WHAT YOU NEED TO DO -
Transcribe the records verbatim, images excluded.

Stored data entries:
□ □ □

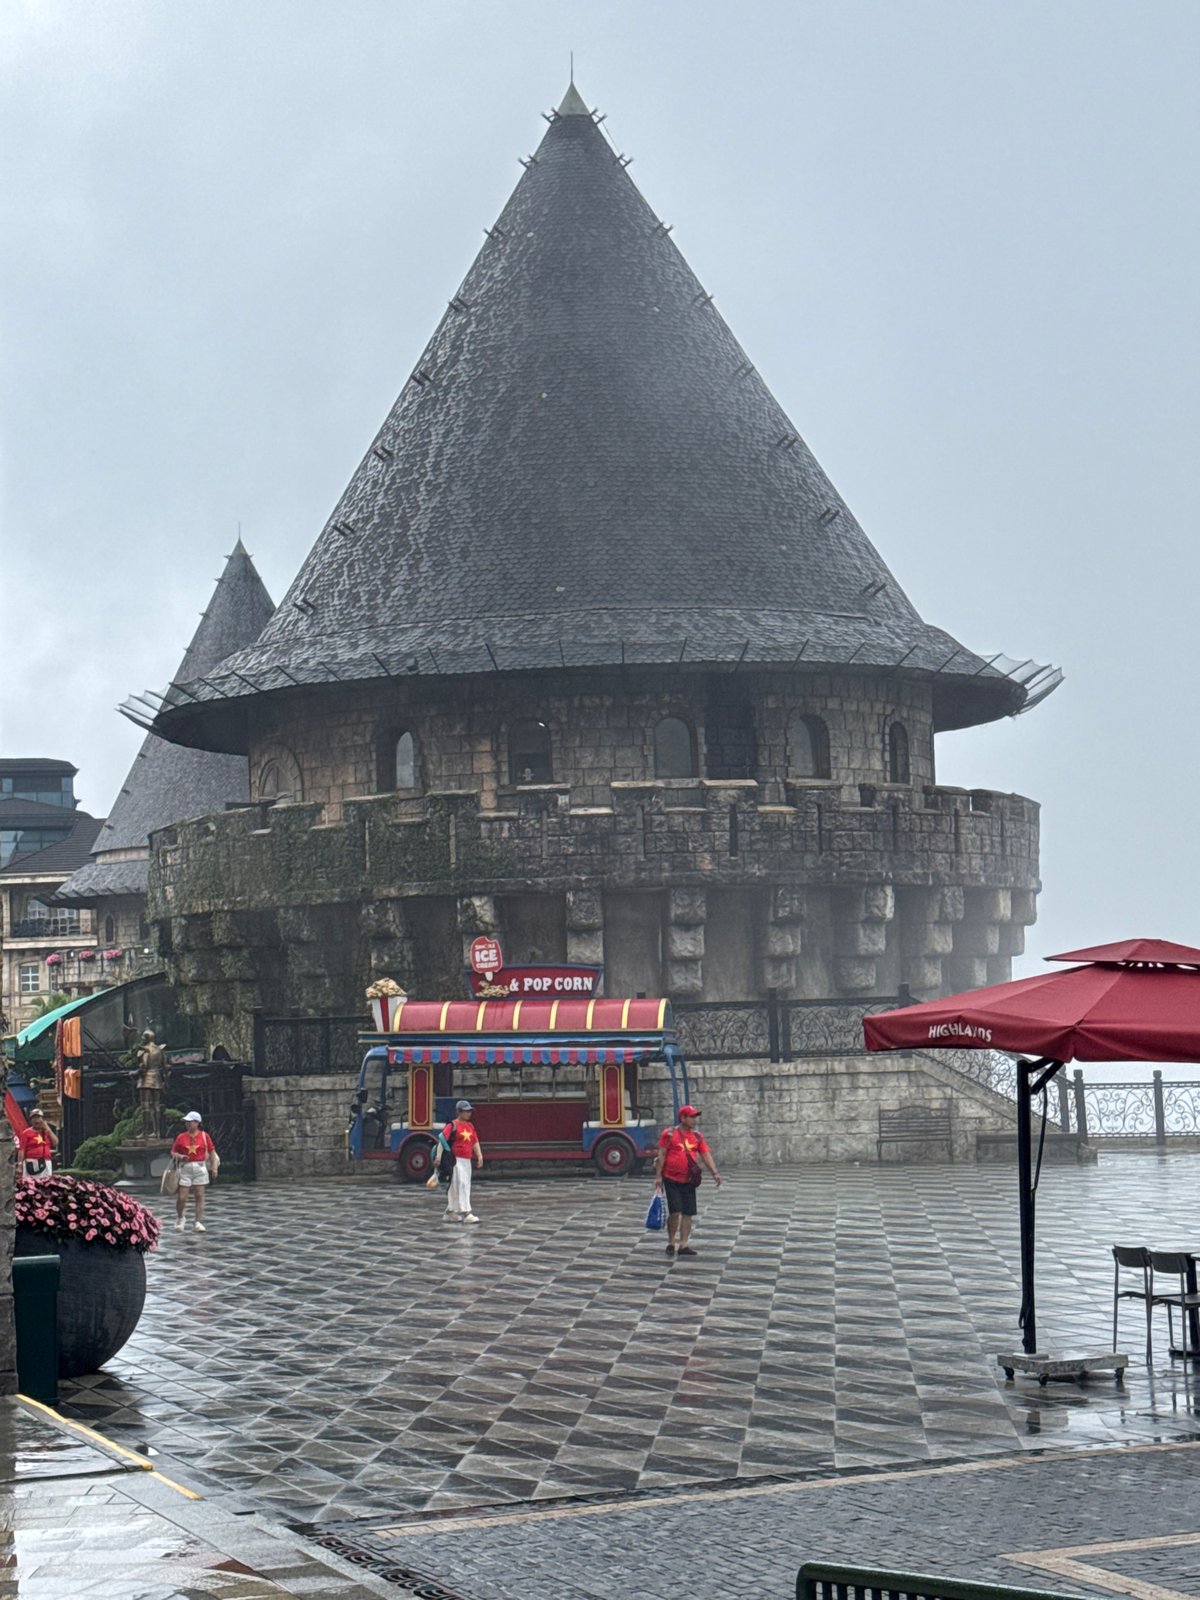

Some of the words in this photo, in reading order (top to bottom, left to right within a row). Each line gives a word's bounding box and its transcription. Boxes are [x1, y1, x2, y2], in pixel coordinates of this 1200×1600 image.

[475, 949, 498, 962] ICE
[509, 978, 519, 992] &
[523, 977, 552, 991] POP
[554, 976, 593, 991] CORN

□ □ □

TASK ANSWER -
Some of the words in this photo, in reading order (top to bottom, left to right within a row). Each line gives a word's bounding box and its transcription. Boxes are [x1, y1, x2, y2], in pixel coordinates of this 1200×1600 image.

[475, 949, 498, 962] ICE
[509, 978, 519, 992] &
[523, 977, 552, 991] POP
[554, 976, 593, 991] CORN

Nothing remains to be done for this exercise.